Enhanced physicochemical properties of ZnTe thin films as potential buffer layer in solar cell applications

Abstract

The Cd-based solar cells possess rear contact problem in superstrate device architecture, which may be eliminated by inserting a suitable buffer layer of zinc telluride (ZnTe) films of appropriate thickness between CdTe absorber and Cu/Au metal contacts. The present work meticulously reports the influence of annealing on the physicochemical properties of ZnTe thin films where ZnTe films were grown employing electron beam thermal evaporation technique and subsequently annealed for 1 h in air ambient and vacuum in 100–300 °C temperature range with an interval of 100 °C. Structural analysis reveals that as-grown and air/vacuum annealed ZnTe films have (111) preferred reflection with zinc blende structure of cubic phase (except 300 °C air annealed films) and grain size is boosted from 22 to 40 nm with annealing. The direct optical energy band gap is estimated in range of 2.25–2.84 eV and 2.65–2.87 eV for air and vacuum annealing, respectively.

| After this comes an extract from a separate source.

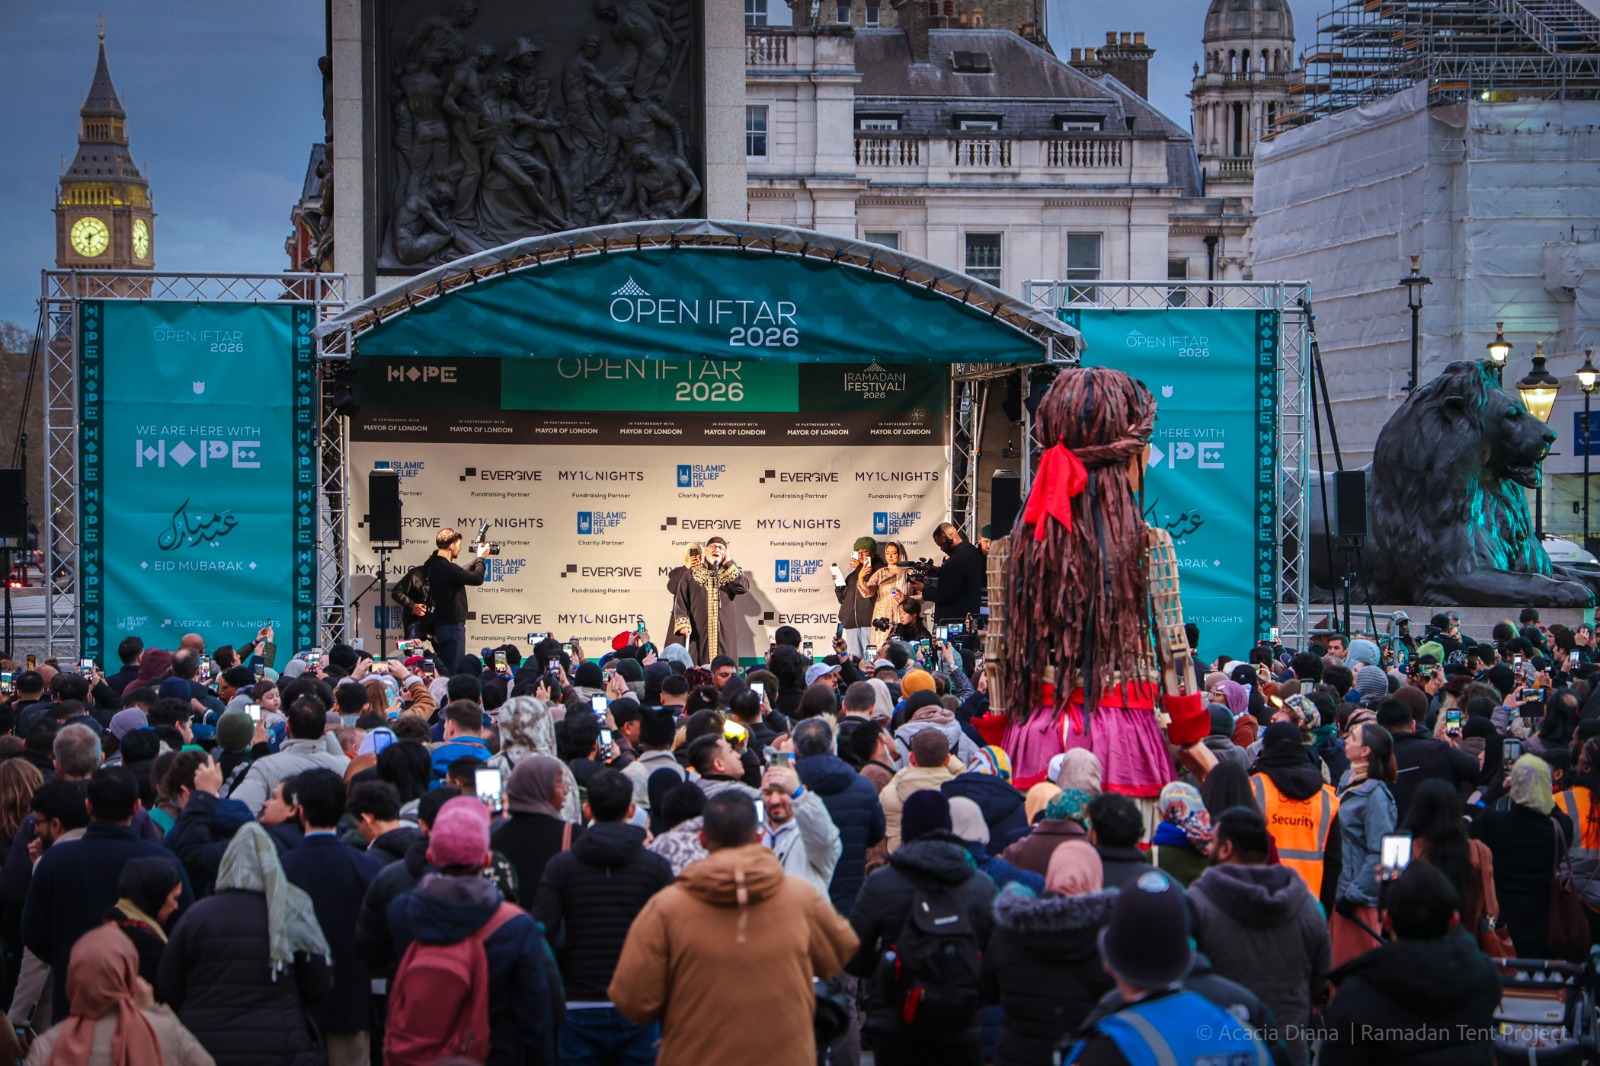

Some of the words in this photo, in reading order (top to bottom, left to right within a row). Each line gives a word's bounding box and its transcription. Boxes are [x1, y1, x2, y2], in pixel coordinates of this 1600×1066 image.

The contacts between the film surface and the TCO layer showed ohmic behavior as revealed by the I–V characteristics. The EDS results confirmed ZnTe thin film deposition and FESEM micrographs of air annealed films demonstrated the grain growth. The AFM images of vacuum annealed films showed hill-like topographies where hill density and RMS surface roughness reduced with annealing. The findings warrant that 100 °C air annealed ZnTe thin films could be employed as an efficient buffer layer and rear contact material to the Cd-based solar cell devices.